GIVEN ENTRIES:
Content starts
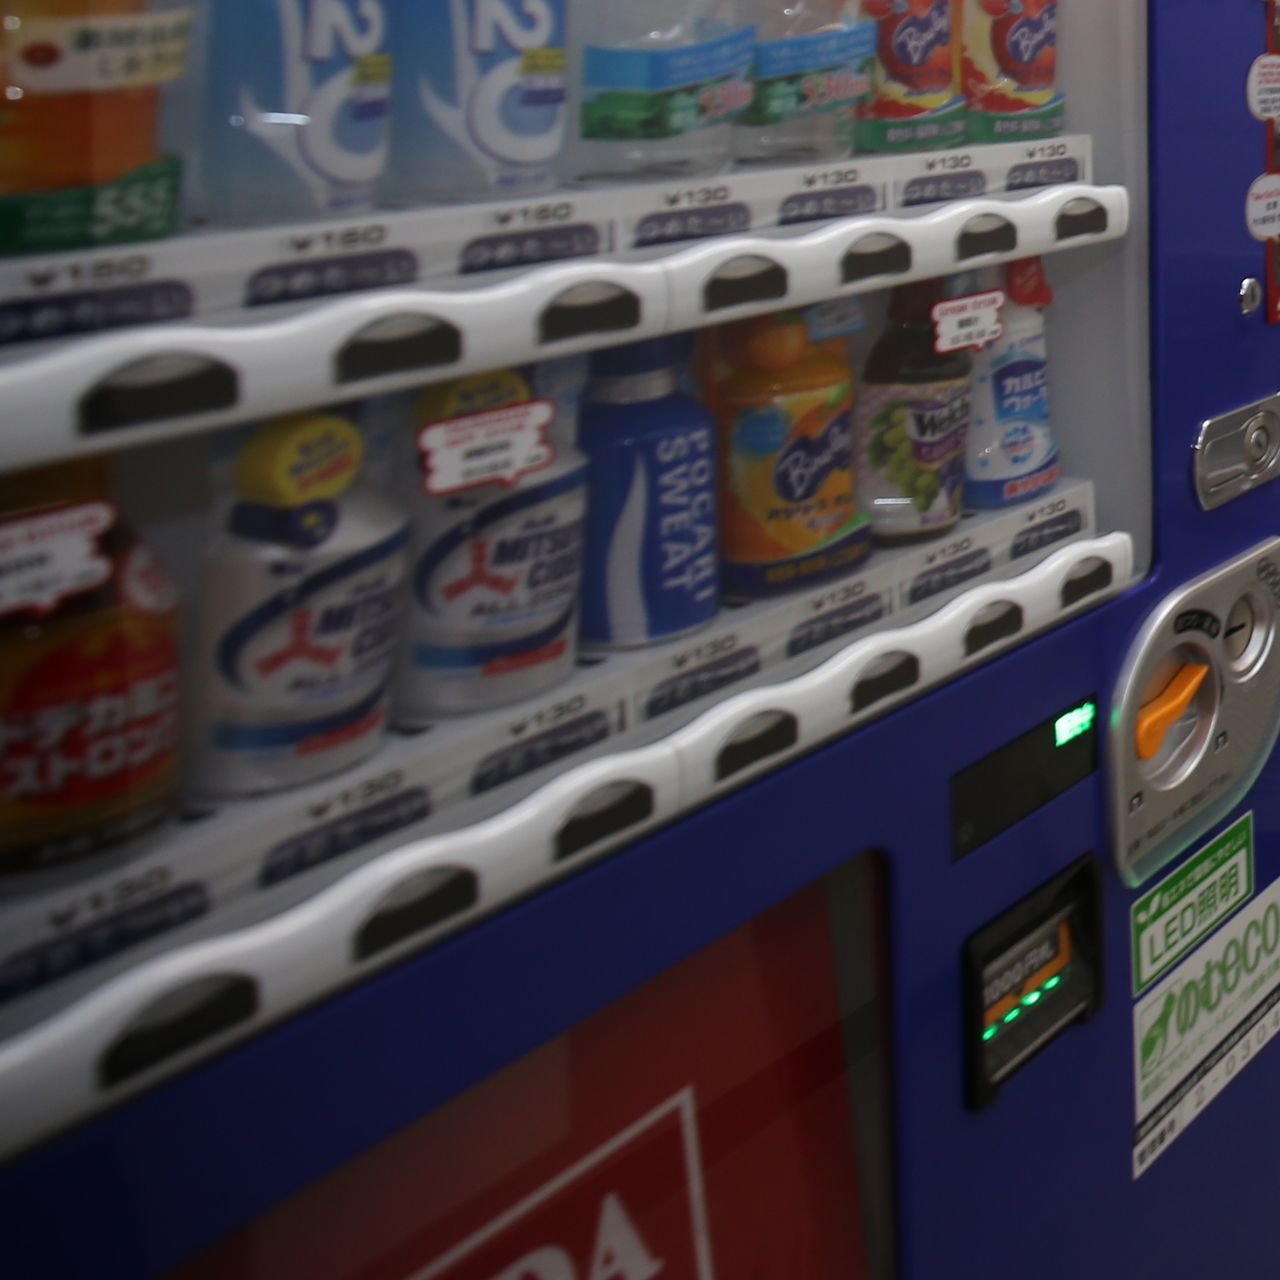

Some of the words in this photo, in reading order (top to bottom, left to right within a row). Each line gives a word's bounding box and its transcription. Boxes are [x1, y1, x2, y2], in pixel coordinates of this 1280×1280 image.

[925, 153, 971, 170] ¥130
[1024, 143, 1068, 159] ¥130
[802, 168, 858, 187] ¥130
[664, 184, 731, 207] ¥130
[657, 438, 694, 590] SWEAT
[694, 427, 713, 603] POCARI
Content ends
WORK TO BE COMPLETED:
Make an exact copy of the listing, with no images in it.

ANSWER AREA:
Some of the words in this photo, in reading order (top to bottom, left to right within a row). Each line gives a word's bounding box and its transcription. Boxes are [x1, y1, x2, y2], in pixel coordinates of this 1280×1280 image.

[925, 153, 971, 170] ¥130
[1024, 143, 1068, 159] ¥130
[802, 168, 858, 187] ¥130
[664, 184, 731, 207] ¥130
[657, 438, 694, 590] SWEAT
[694, 427, 713, 603] POCARI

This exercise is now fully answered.